School Children Sierra Leone
To say that education has declined in Sierra Leone is basically an understatement. Just last week I received an email message from a nephew of mine that I will not reproduce here to respect his privacy. But reading such a terrible letter from a secondary school graduate made me sad the whole day and had me worried about Sierra Leone's future competitiveness in a world that is becoming increasingly globalized.

You could say that my nephew was just a poor student, but interactions with other recent Sierra Leone graduates, even some  recent university graduates, has occasionally left a bitter taste in my mouth. If the deterioration in educational standards was just in isolated pockets of the country, that could be understandable and maybe attributable to certain factors that could be easily explained . But the fact that this deterioration seems to be systemic, affecting every area of the country is not only alarming, but could well be catastrophic for the future of the country.

War Education
The ten year civil war did of course play a major role in accelerating this decline, but that does not fully explain the reason why the decline persists and even seem to be increasing exponentially. We know that schools were burnt down and students and teachers were displaced for considerable periods during the war. The Nixon Memorial Nursing School and my own school Wesley Secondary school, both prominent institutions in my home town Segbwema, had cause to be relocated to Kenema during the peak of the war and for the students that could not afford the relocation that effectively meant the end of their education.

The war however officially ended in 2002 and even though it is now 2012, news emanating from Sierra Leone on the educational front is bleak and disheartening to those of us who know the positive role that good education can play in assuring the future well being of both the individual and society.

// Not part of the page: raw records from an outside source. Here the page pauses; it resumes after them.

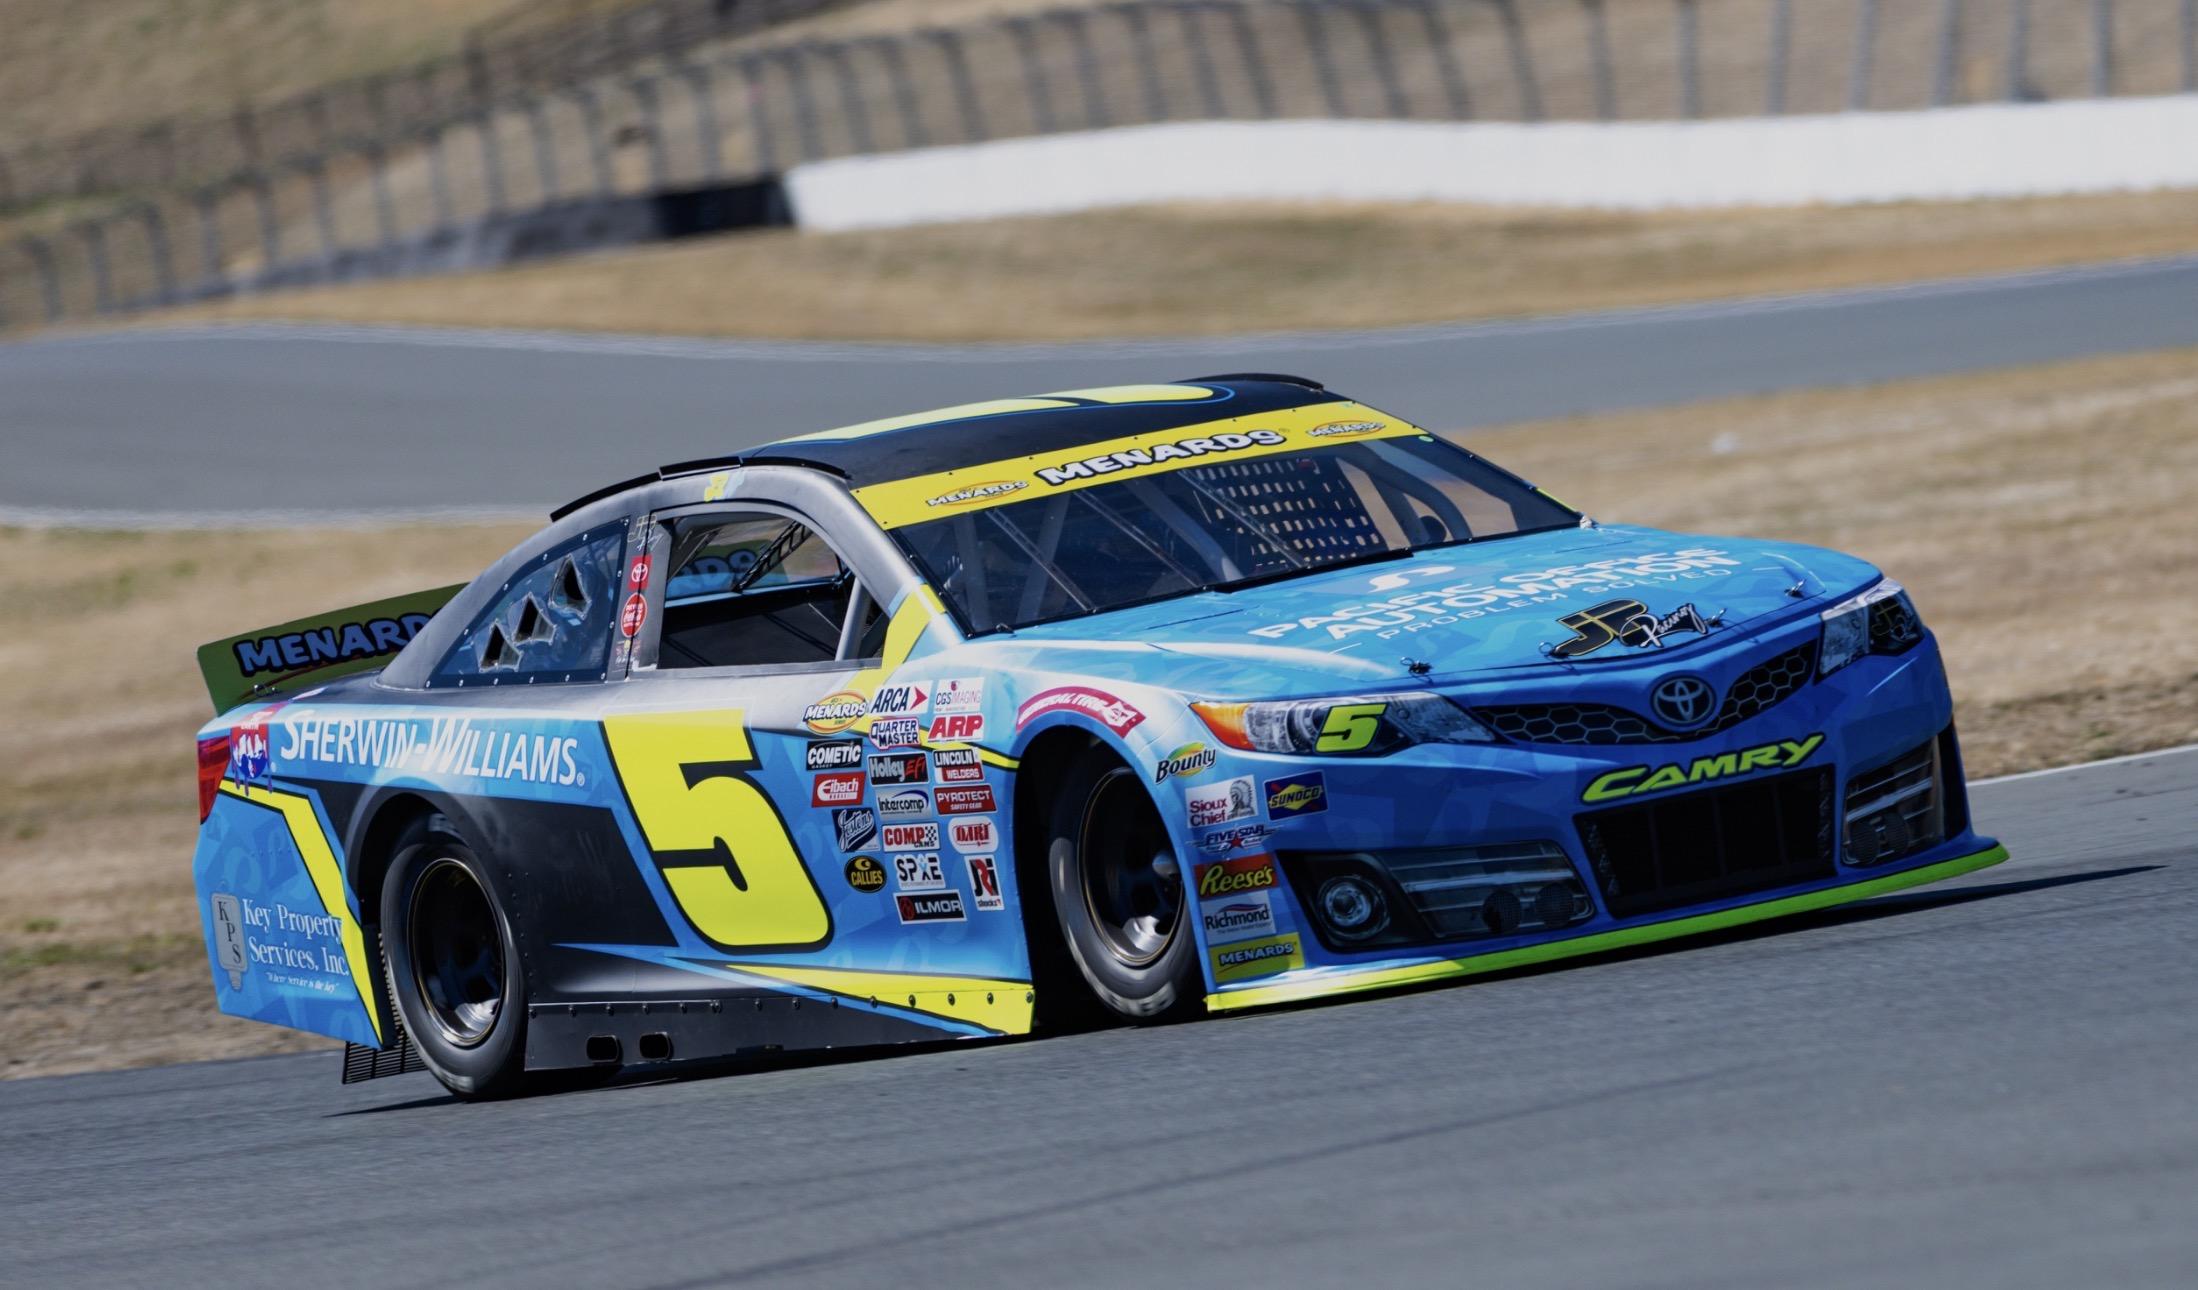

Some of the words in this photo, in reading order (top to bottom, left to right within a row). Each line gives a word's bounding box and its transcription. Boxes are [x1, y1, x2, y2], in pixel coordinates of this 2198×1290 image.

[1034, 429, 1287, 486] MENARDS
[1247, 583, 1495, 639] PACIFIC
[1500, 548, 1729, 583] OFFICE
[1326, 556, 1742, 640] AUTOMATION
[1376, 592, 1569, 640] PROBLEM
[1582, 568, 1732, 593] SOLVED
[233, 610, 443, 677] MENARD
[871, 687, 911, 713] ARCA
[935, 692, 952, 706] CGS
[803, 702, 868, 722] MENARDS
[871, 720, 917, 739] QUARTER
[879, 732, 919, 747] MASTER
[928, 715, 983, 740] ARP
[1314, 704, 1388, 754] 5
[807, 744, 862, 766] COMETIC
[934, 750, 973, 766] LINCOLN
[1155, 748, 1216, 783] Bounty
[870, 757, 905, 781] Holley
[1582, 734, 1825, 802] CAMRY
[816, 777, 860, 802] Eibach
[936, 790, 990, 803] PYROTECT
[1268, 783, 1323, 810] SUNOCO
[1189, 798, 1227, 813] Sioux
[1190, 810, 1226, 827] Chief
[602, 708, 834, 955] 5
[884, 827, 926, 846] COMP
[1204, 831, 1234, 846] FIVE
[1239, 824, 1266, 837] STAR
[850, 869, 884, 886] CALLIES
[1200, 864, 1274, 896] Reese's
[217, 901, 229, 921] K
[915, 900, 962, 914] ILMOR
[1204, 904, 1270, 930] Richmond
[226, 923, 236, 942] P
[242, 898, 271, 933] Key
[276, 904, 343, 946] Property
[232, 945, 242, 964] S
[248, 937, 320, 972] Services,
[321, 946, 350, 976] Inc.
[1219, 943, 1294, 967] MENARDS

The importance of education in any society need not be overemphasized. To emphasize the major role that education plays in a country's economic development, most economists refer to education as an investment in human capital. For developing countries like Sierra Leone, education is crucial, as no government, no matter how great its ambition may be, will succeed without an enlightened and technically trained citizenry in this age of technical progress. For a government to implement its development plans effectively, it has to draw from the expertise of the citizens and if they are not up to the task, the result will always be failure no matter how well thought out the development plans are.

Tokyo Japan
Freetown Sierra Leone
It may surprise a lot of people to know that Sierra Leone has more natural resources than Japan. While Japan continues to rank among the greatest economies in the world, Sierra Leonean are proud when the country is not ranked among the five least developed countries in the world. The only logical explanation for this paradoxical disparity is investment in human capital through education. Japan invests heavily in educating its citizenry and competition for its top universities are fierce. This investment in human development has fundamentally transformed the Japanese economy to one that now heavily relies on the export of highly technical vehicles and electronic items. Toyota, Mazda, Honda, Sony, Toshiba, and other technological giants did not just fall out of the sky, they represent year of painstaking scientific and technological research that could only be achieved by a society with a highly trained labor force.

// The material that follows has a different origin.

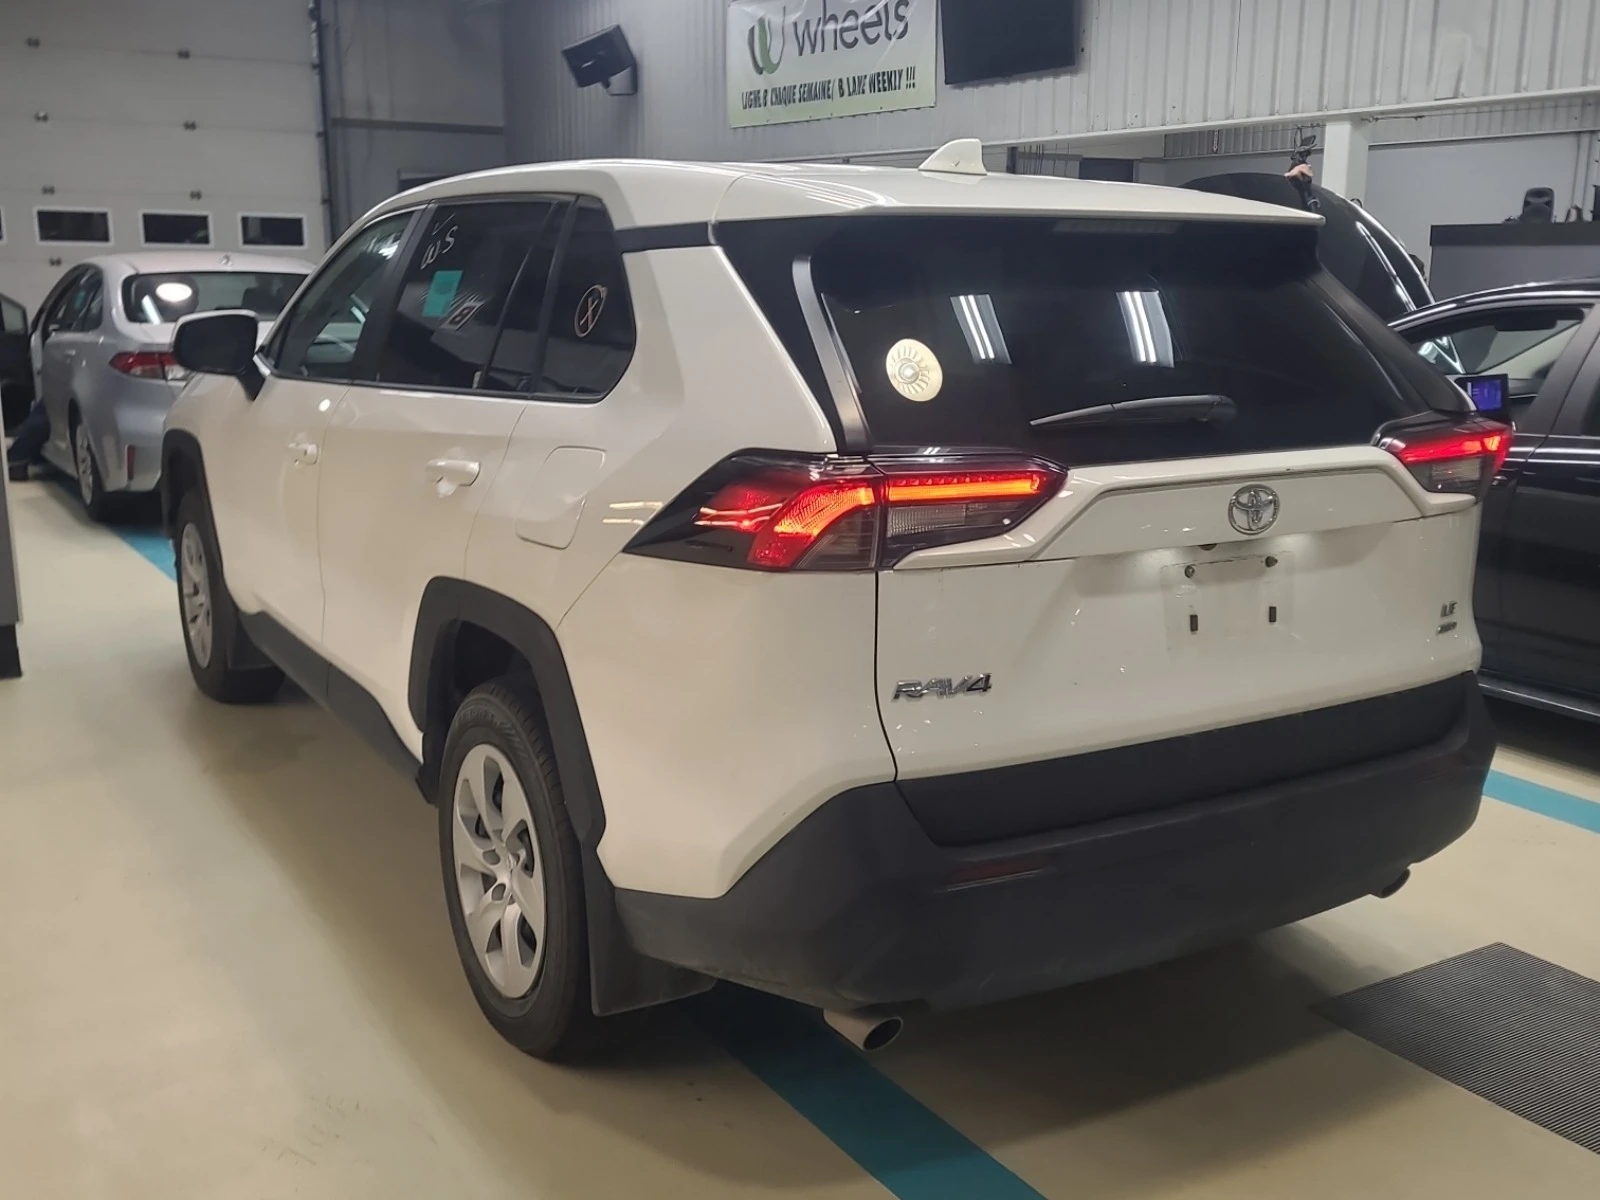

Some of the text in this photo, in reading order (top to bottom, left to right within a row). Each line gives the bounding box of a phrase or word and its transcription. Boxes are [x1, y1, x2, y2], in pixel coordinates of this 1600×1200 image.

[770, 84, 797, 107] CHAQUE
[869, 69, 904, 94] WEEKLY
[892, 672, 992, 701] RAV4

Hell's Corridor-Kailahun Road
When we were young, we were told that learning was better than silver and gold. Some people at that time thought the statement was a ploy for Europeans to take our gold and diamonds whilst they built us schools and colleges. Today we can see that even though the colonialists did unfairly rape our natural resources, the essence of the statement remains true. While Sierra Leone has gold, diamond, bauxite, iron ore, and now we are hearing petroleum, the lack of technical expertise has meant years of basically exporting these materials in their raw forms to those countries where the citizens are trained to process them and multiply the value sometimes hundredfold. Today, while the Japanese are looking for the most effective way to get to the moon, we are still looking for the most effective way to get to Kailahun.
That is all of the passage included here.